|
Recherche
scientifique et maîtrise de l’information
L’étudiant
qui se présente à l’Université, frais émoulu
de la maturité ou du baccalauréat, imagine le laboratoire
comme un endroit suréquipé de microscopes, d’accélérateurs
et autres appareils sophistiqués. Et dans ce lieu préservé,
il envisage une équipe en parfaite communion intellectuelle qui
expérimente à longueur de journée, oubliant le temps
et l’extérieur, puissamment motivée par des découvertes
en cascade.
La réalité est sensiblement autre. Une simple visite dans
un centre de recherche lui fait découvrir une réalité
largement différente. Même en excluant le temps passé
à trouver des crédits, à participer à des
multiples commissions en tout genre et à enseigner, 90 % du temps
restant est dévoré par des tâches non expérimentales.
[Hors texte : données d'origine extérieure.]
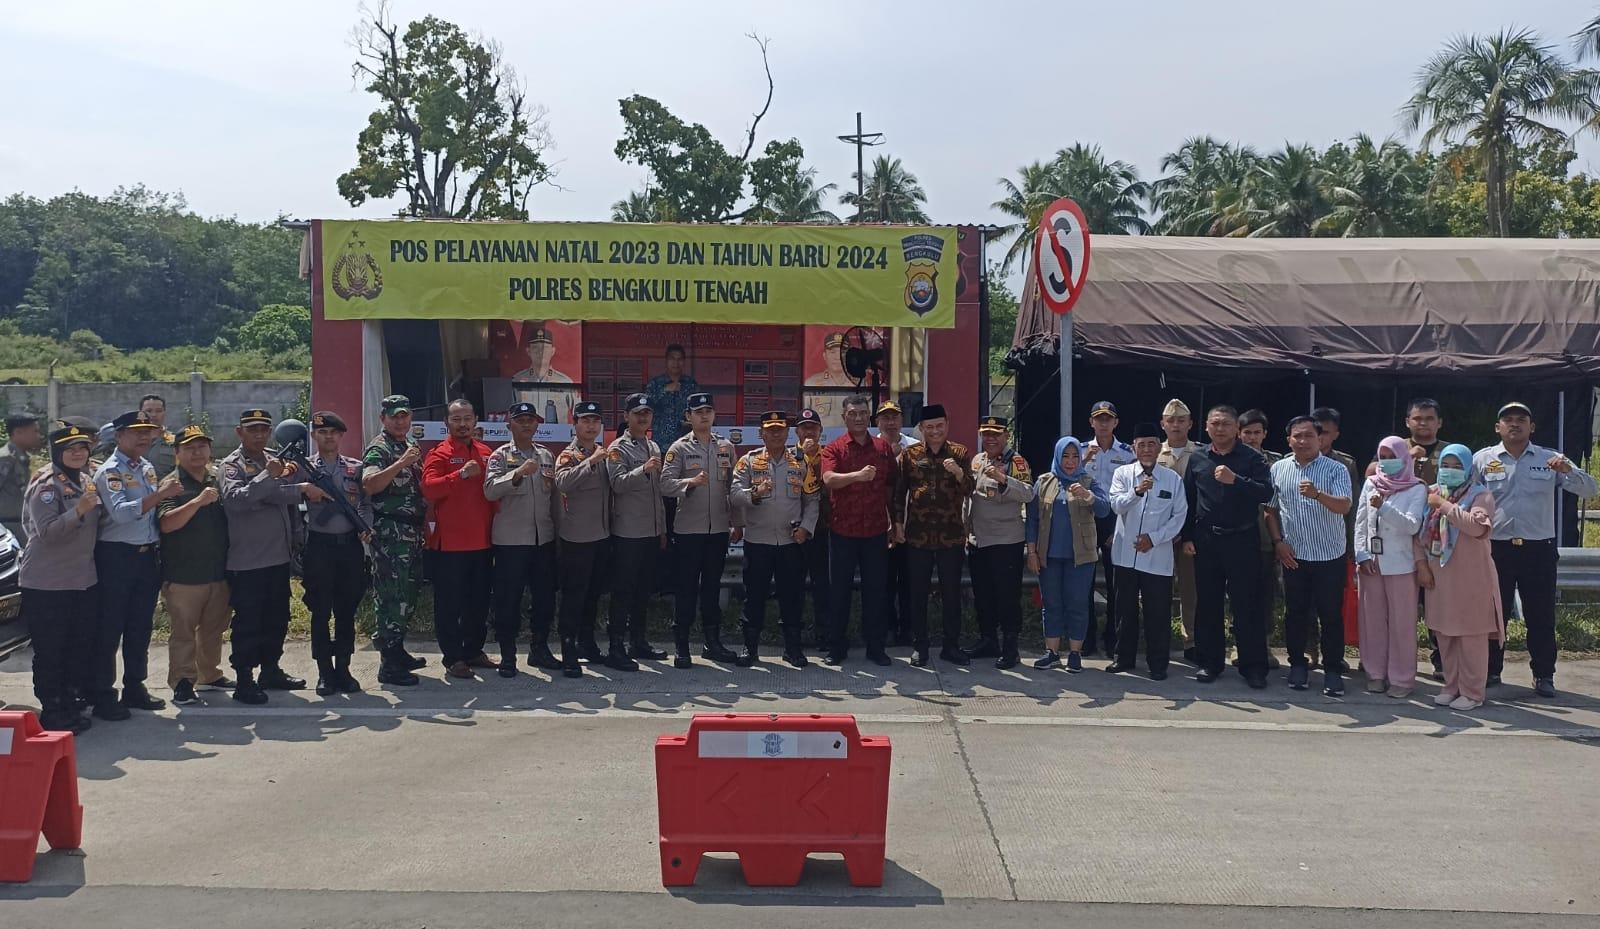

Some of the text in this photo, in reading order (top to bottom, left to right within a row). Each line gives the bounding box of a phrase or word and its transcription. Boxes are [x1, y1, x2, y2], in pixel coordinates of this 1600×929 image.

[390, 239, 888, 270] POS PELAYANAN NATAL 2023 DAN TAHUN BARU 2024
[509, 277, 768, 305] POLRES BENGKULU TENGAH
On évalue en moyenne à 150 heures, le temps passé
en manipulation proprement dite pour 1350 heures consacrées à
des activités de documentation, de discussion ou de rédaction
(estimation annuelle). Ce travail extra-expérimental, considéré
à tort comme secondaire par les épistémologistes
des sciences ou par les chercheurs, fait pourtant partie, de la démarche
scientifique.
En effet, il ne suffit pas d’élaborer un nouveau savoir,
pour que les faits s’imposent d’eux-mêmes. Encore faut-il
les faire connaître, les valoriser et convaincre la communauté
scientifique de l’originalité et de la rationalité
de la démarche. Trouver les meilleurs arguments, concrétiser
ses concepts, imposer ses idées, exigent un apprentissage méthodique,
qui est rarement proposé dans les cursus universitaires. Peu de
scientifiques y ont d’ailleurs réfléchi ; tout est
encore affaire d’habitude, de flair ou d’inspiration.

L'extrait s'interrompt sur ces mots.